GERMANY - German pension advisor Heubeck AG has urged German companies to provide more transparency regarding their pension liabilities to rating agencies and banks or face the threat of financial exclusion.

At a recent seminar in Cologne, Heubeck stressed that while German accounting standards, known as HGB, would continue to be the norm for many companies, the pressure on them to “orient themselves” to international accounting standards (IAS) was building.

Hence, Heubeck said that to obtain a rating – crucial for raising money on capital markets or even obtaining bank loans – German companies, including those which stick to HGB, had to provide more in-depth information about their pension liabilities.

“This year’s planned revision of IAS 19 means that company reports may have to include ten pages dealing exclusively with occupational pensions schemes,” Richard Herrmann, board executive at Heubeck, told the advisor’s 150 clients at the seminar.

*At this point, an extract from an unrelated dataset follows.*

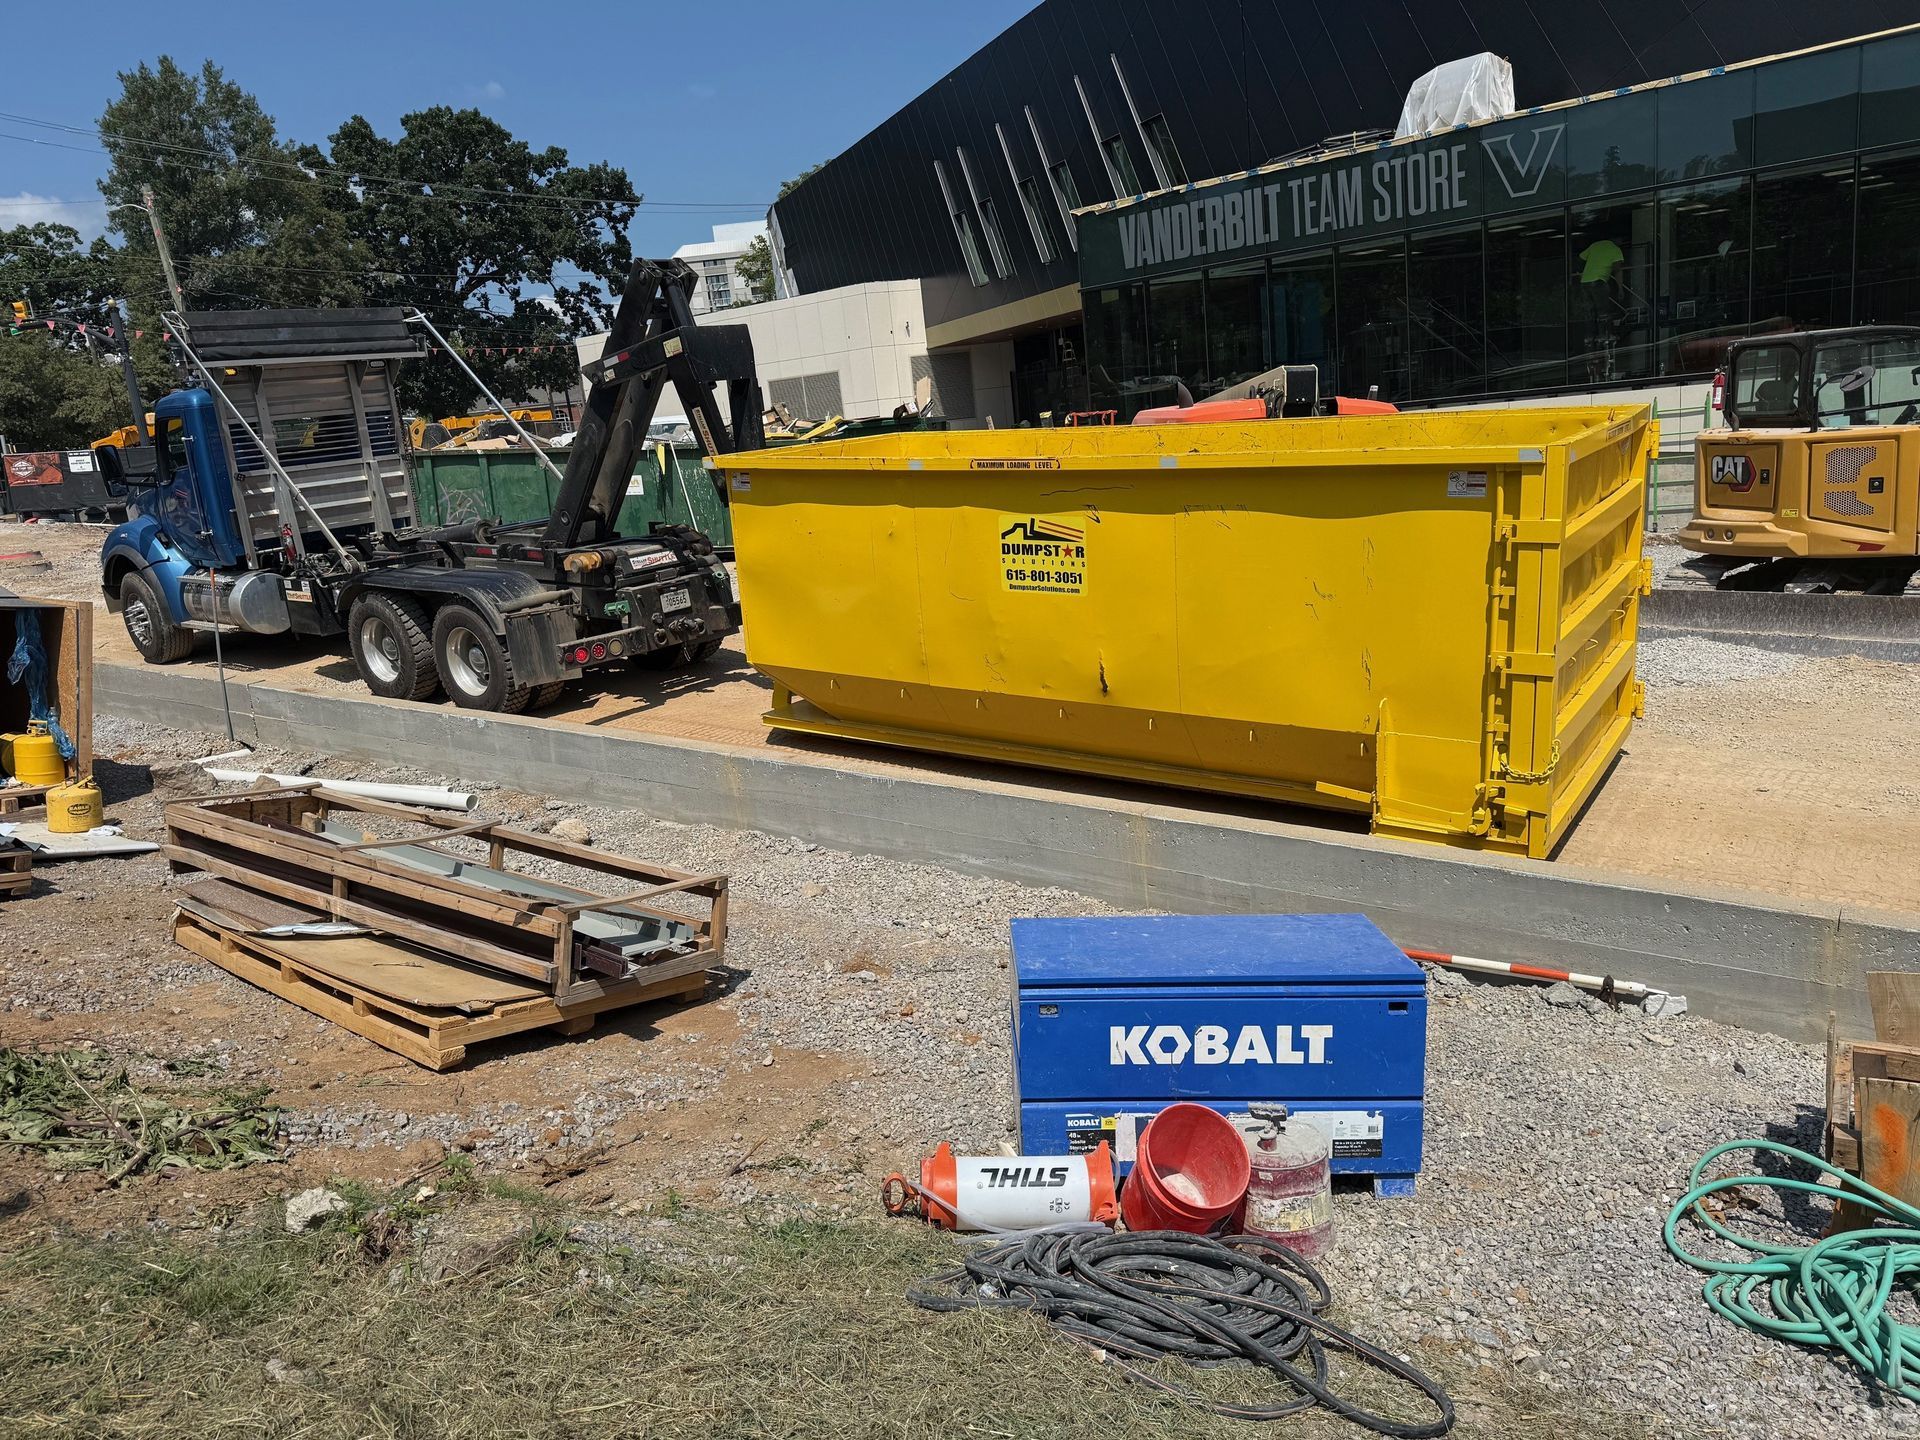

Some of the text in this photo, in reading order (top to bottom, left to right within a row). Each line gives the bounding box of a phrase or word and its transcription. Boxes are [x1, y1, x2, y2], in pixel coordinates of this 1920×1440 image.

The seminar took place amid a debate in Germany over whether pension liabilities at German companies which keep these obligations on the balance sheet are fully-funded.

International rating agencies like Standard & Poor’s have argued strongly that they are not. S&P says that unless the liabilities are removed from the balance sheet and bundled together in an external fund, they must be treated as debt.

But German pension experts like Wolfgang Gerke, a professor of finance at the University of Nuremberg, retort that S&P’s view is wrong-headed. He insists that S&P disregards the traditional German book reserve system -which allows companies to fund their liabilities through returns on operating assets.

“I’m personally a big supporter of the idea that German companies should set up external pension funds, but that doesn’t mean one should discriminate against the old model,” Gerke said.